“In my office, please.”
That was a pleasant surprise. I half expected Mychael to say, “In my containment rooms,” without the “please.”
Those were the first words he’d said to me since Kalinpar had landed with us in the citadel’s courtyard. While airborne, the noise from the wind had made it difficult to carry on a conversation. Difficult, but not impossible. Yet Mychael had been silent in the saddle behind me the entire time. I think he hadn’t said anything because he wanted to make sure that I heard every word he said.
I had a real good idea what some of those words were going to be.

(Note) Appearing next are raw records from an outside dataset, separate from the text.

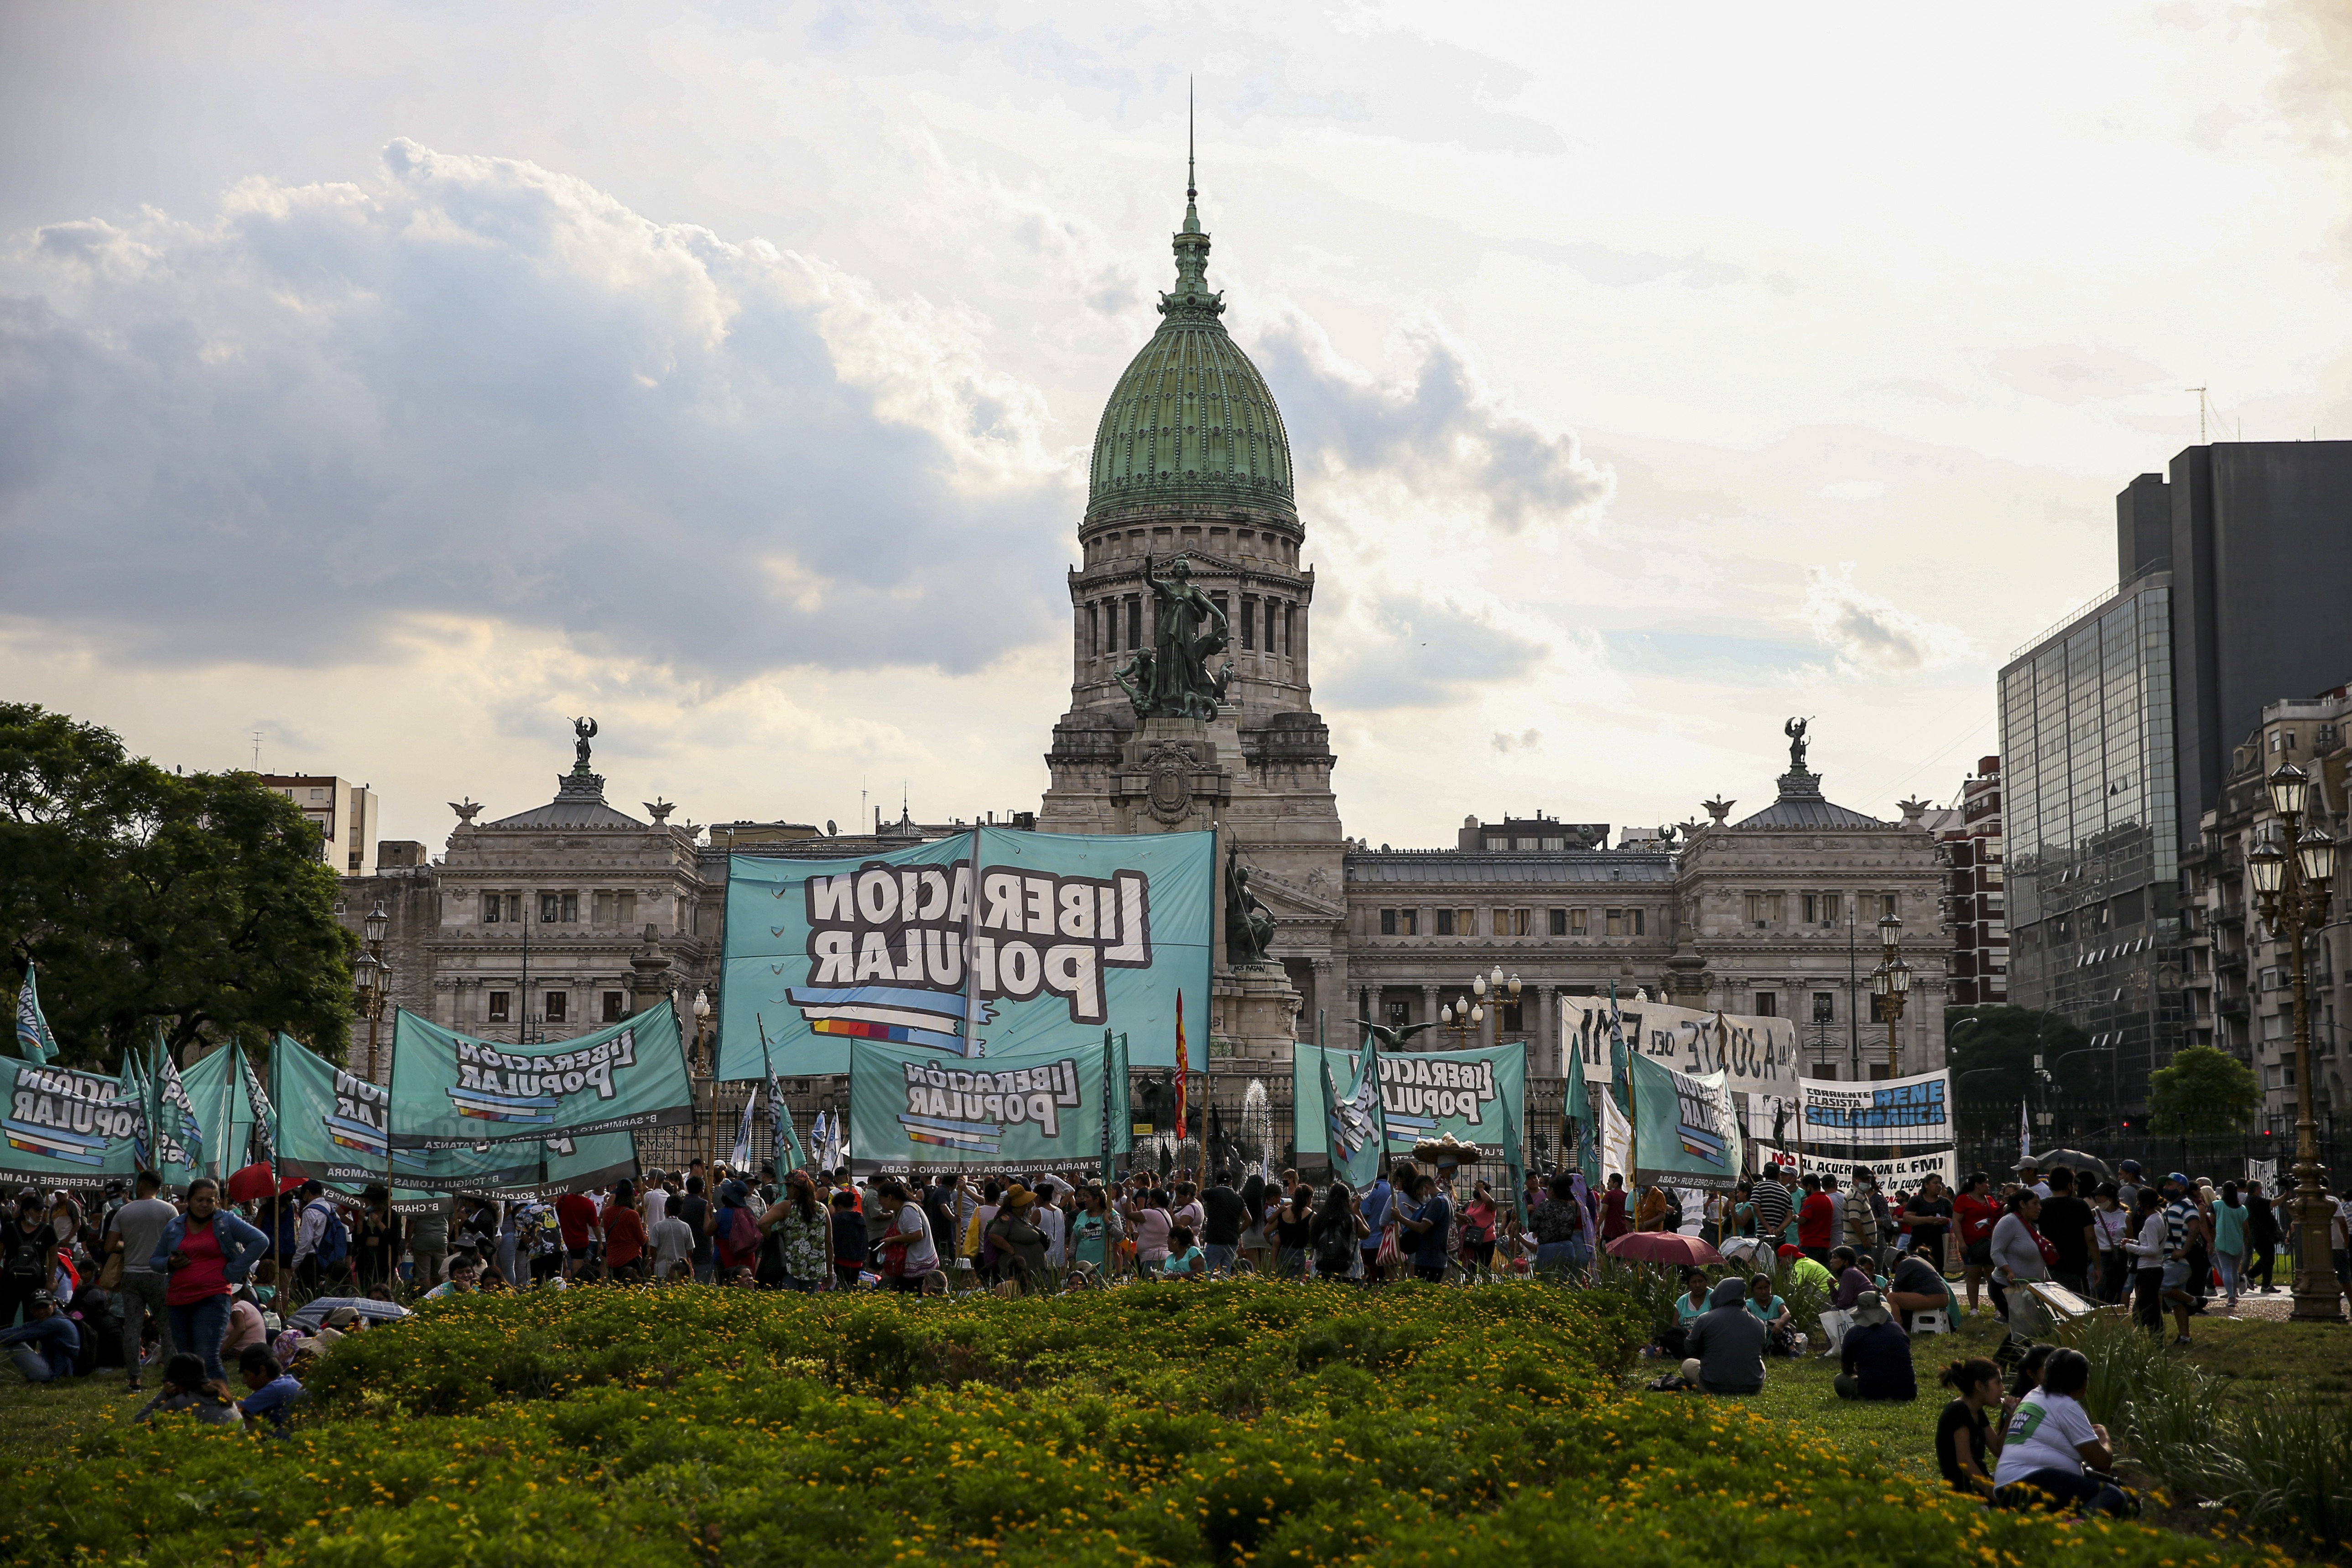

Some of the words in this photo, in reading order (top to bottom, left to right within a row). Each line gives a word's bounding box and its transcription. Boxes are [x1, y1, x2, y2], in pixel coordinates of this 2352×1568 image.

[1806, 1088, 1871, 1099] CORRIENTE
[1873, 1079, 1945, 1107] RENE
[1807, 1096, 1861, 1107] CLASISTA
[1806, 1104, 1946, 1127] SALAMANCA
[1871, 1164, 1893, 1175] CON
[1897, 1162, 1907, 1173] EL
[1911, 1157, 1943, 1173] FMI
[1888, 1177, 1898, 1189] la

Mychael kept up his self-imposed vow of silence all the way to his office. The Guardians we passed saluted their paladin, but no one said anything. They took one look at Mychael’s expression, made the smart choice, and kept their mouths shut. Guardians weren’t stupid. Mychael was keeping his thoughts to himself. I was doing the same. His thoughts were probably along the lines of getting an explanation from me.

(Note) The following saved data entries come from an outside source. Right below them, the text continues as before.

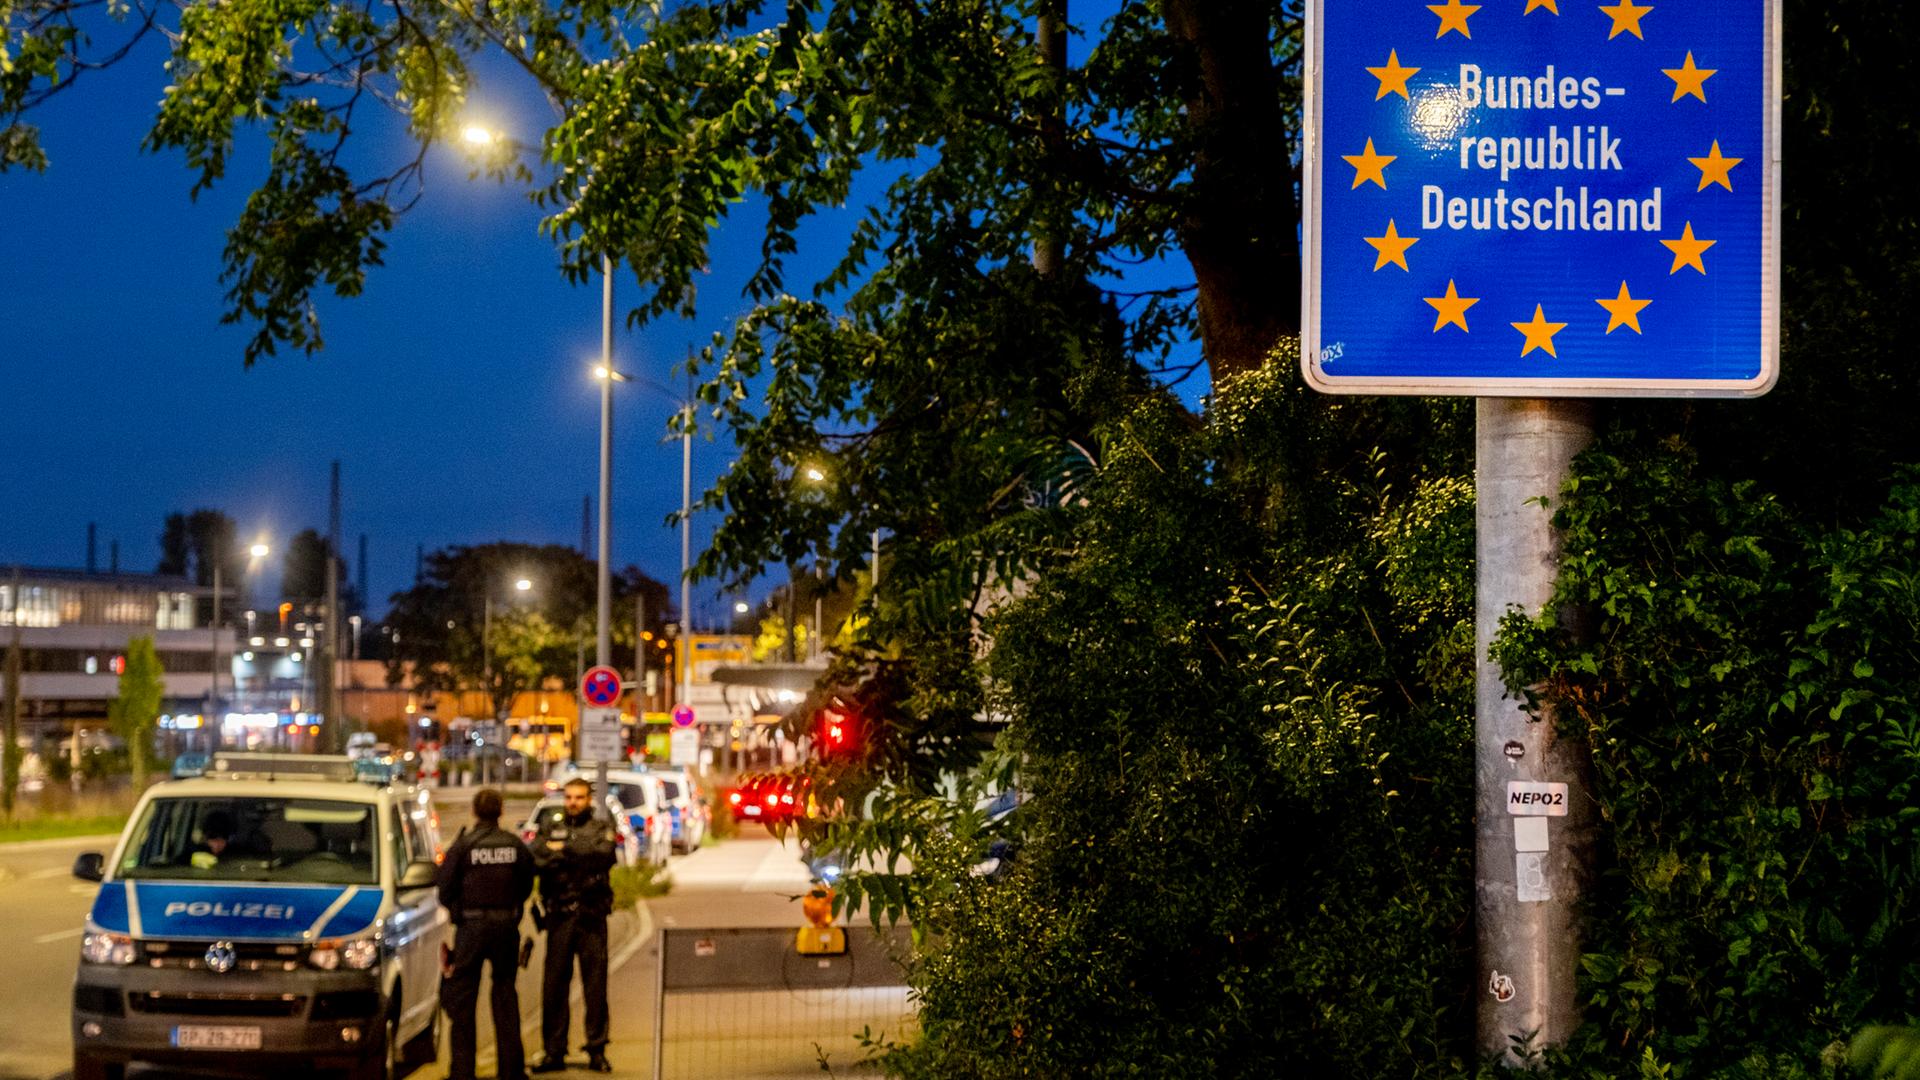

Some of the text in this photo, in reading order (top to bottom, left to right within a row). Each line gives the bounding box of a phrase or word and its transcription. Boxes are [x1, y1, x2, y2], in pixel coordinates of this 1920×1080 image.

[1459, 63, 1626, 109] Bundes-
[1460, 125, 1623, 181] republik
[1422, 185, 1661, 231] Deutschland
[1510, 792, 1563, 805] NEPO2
[471, 847, 517, 865] POLIZEI
[164, 901, 295, 919] POLIZEI

I was thinking about possible escape routes.
Mychael closed his office door behind us and went straight for the cabinet where he kept the whiskey. Now there was a thought I could agree with. He started pouring himself a glass.
I plopped down in a guest chair. I wasn’t going to wait for an invitation to sit down that might not come. I ran my hands over my face and left them there. They could make themselves useful and help me hold up my head. I didn’t think I’d ever been this tired.

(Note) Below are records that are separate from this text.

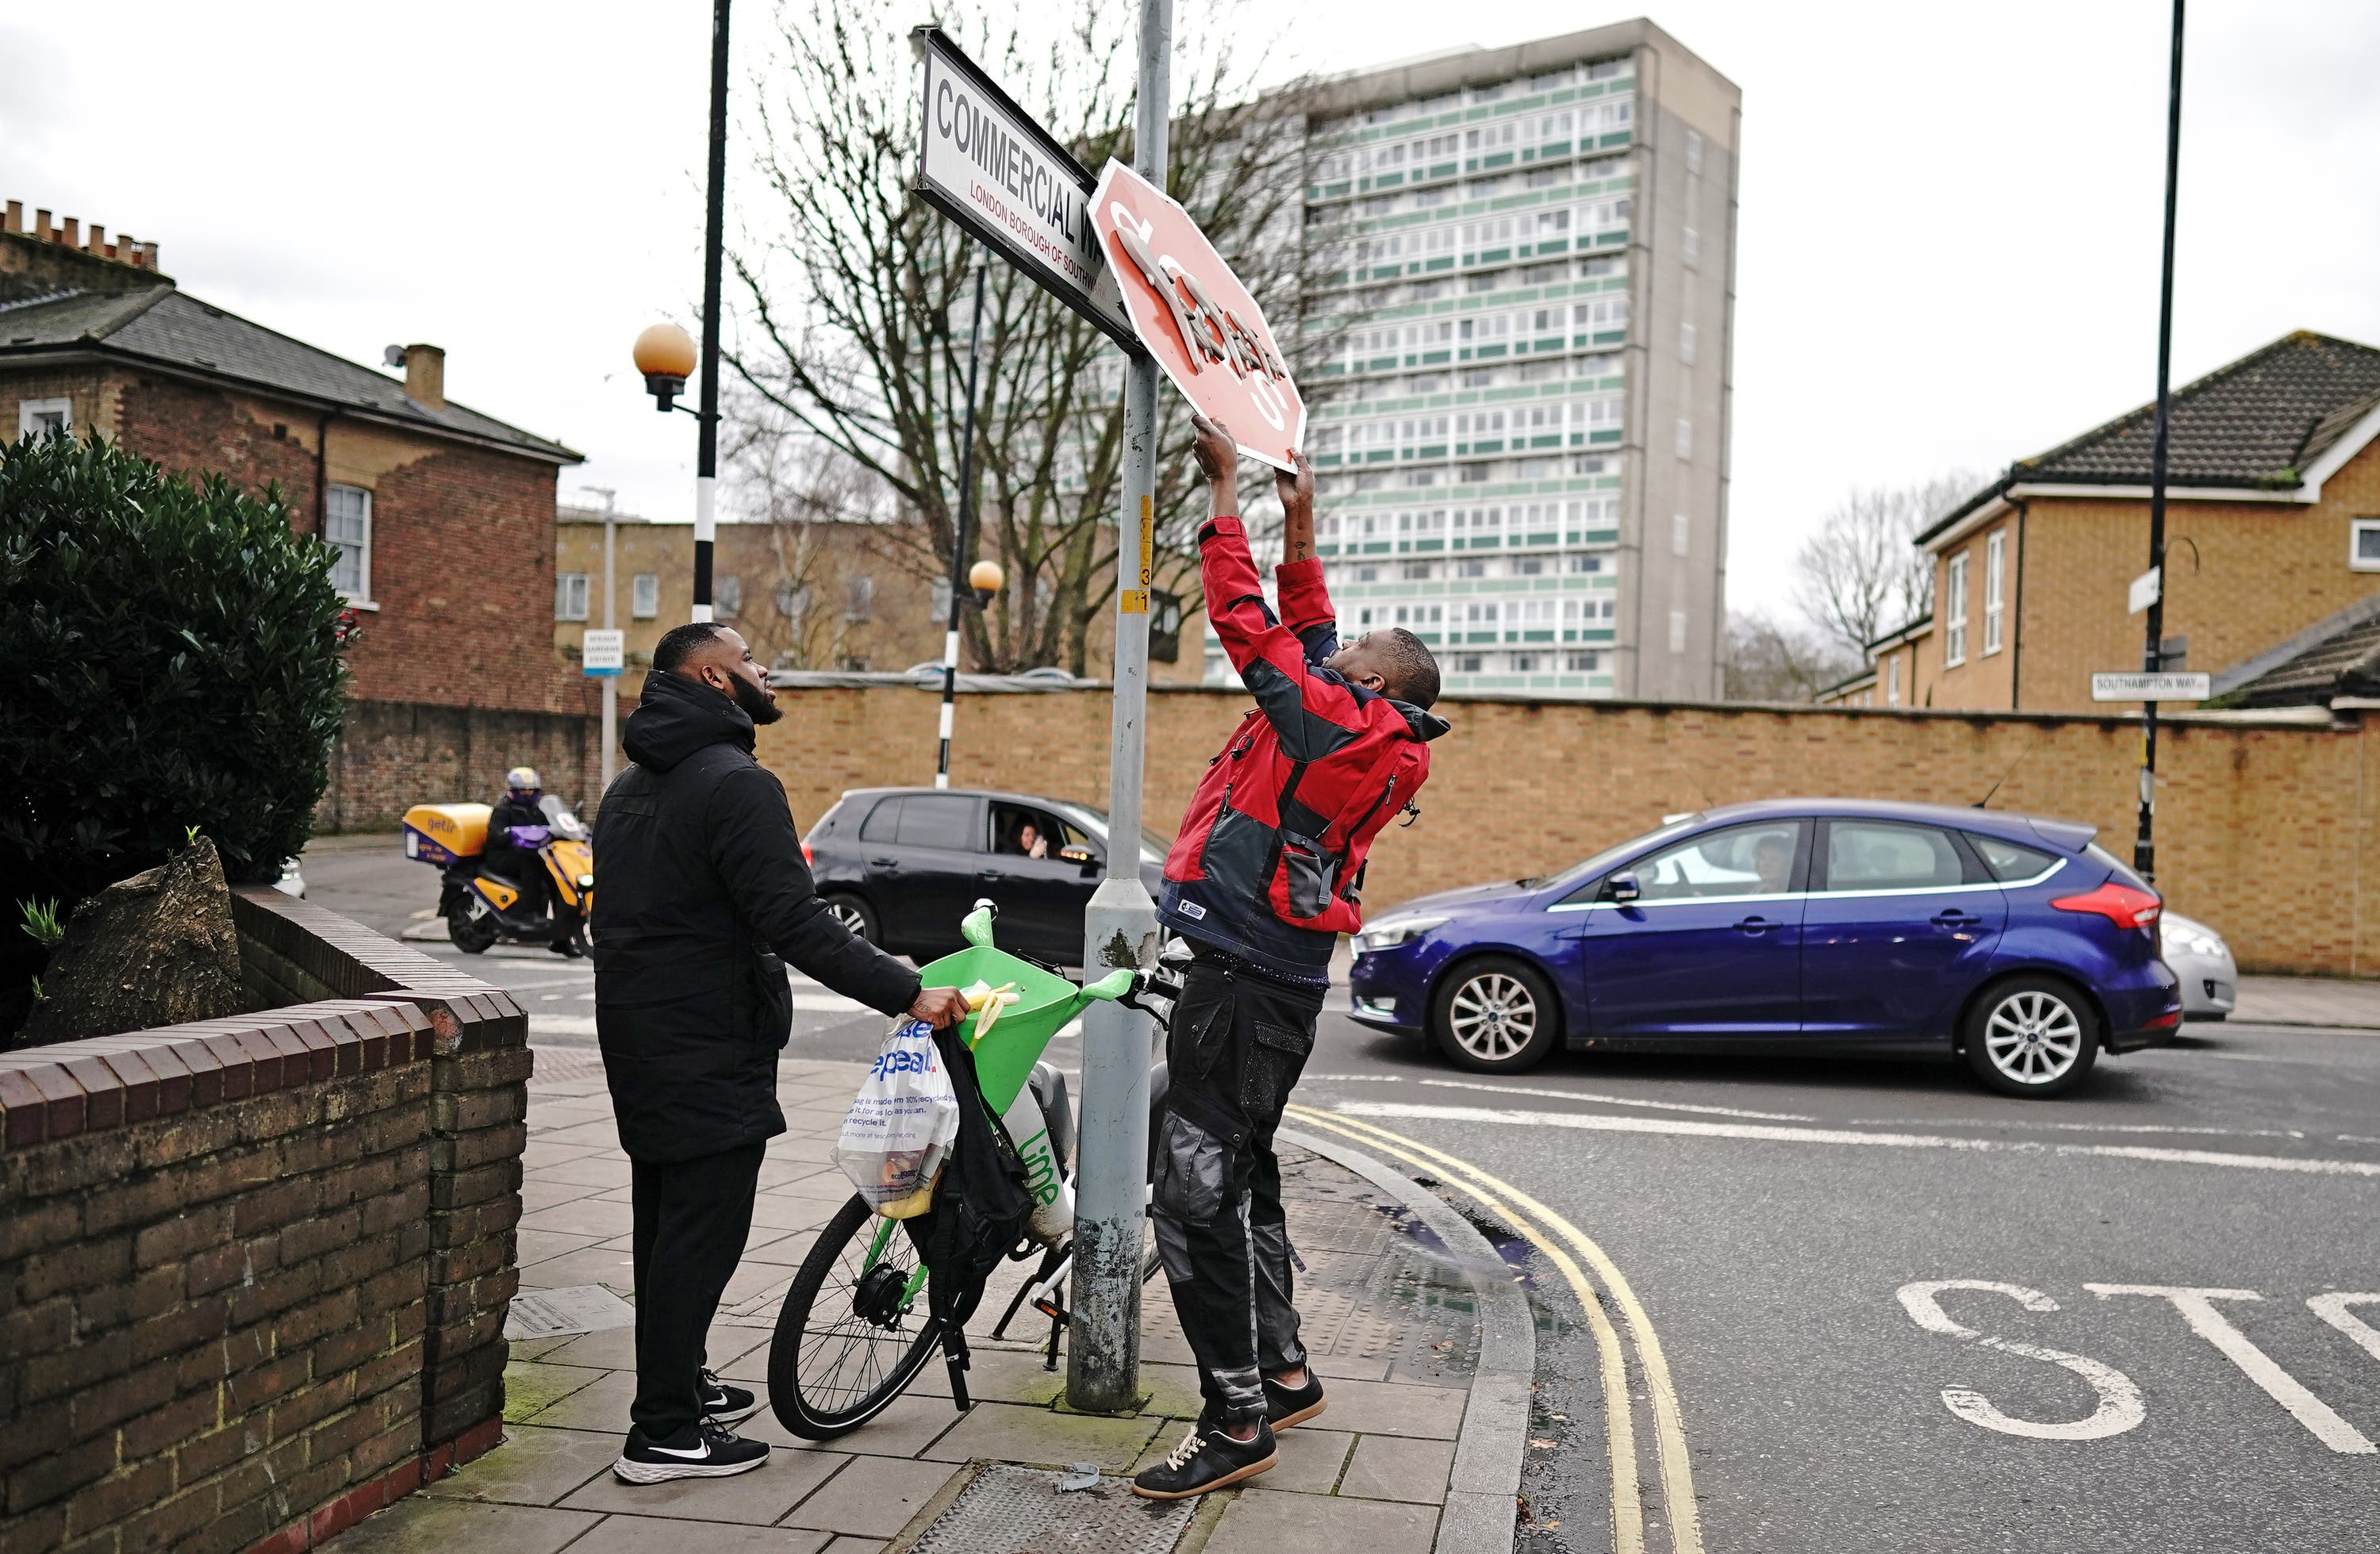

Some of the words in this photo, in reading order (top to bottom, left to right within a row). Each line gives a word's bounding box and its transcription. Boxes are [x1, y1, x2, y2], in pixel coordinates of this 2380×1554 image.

[937, 78, 1075, 244] COMMERCIAL
[1081, 201, 1106, 267] WA
[970, 179, 1008, 223] LONDON
[1010, 210, 1050, 258] BOROUGH
[1051, 245, 1062, 265] OF
[1063, 255, 1107, 301] SOUTHWARK
[2096, 677, 2172, 692] SOUTHAMPTON
[2176, 677, 2196, 689] WAY
[428, 817, 455, 834] getir
[849, 1118, 877, 1126] recycle

“Do I get one of those, too?” I muttered through my hands. “Or are the condemned not allowed a last drink?”
Moments later I sensed Mychael standing beside my chair. I opened two of my fingers and looked through. He held a glass of the blessed amber ambrosia in both hands, and was offering one of them to me.
I took it. “Thank you. I really need it.”
“I imagine you do.” Mychael didn’t go behind his desk to his office chair as I’d expected. Instead he pulled the other guest chair next to mine. He sat down with the weary sigh of a man who’s had way too much dumped on his already overburdened shoulders. I didn’t need a flash of brilliance to know whose fault that was.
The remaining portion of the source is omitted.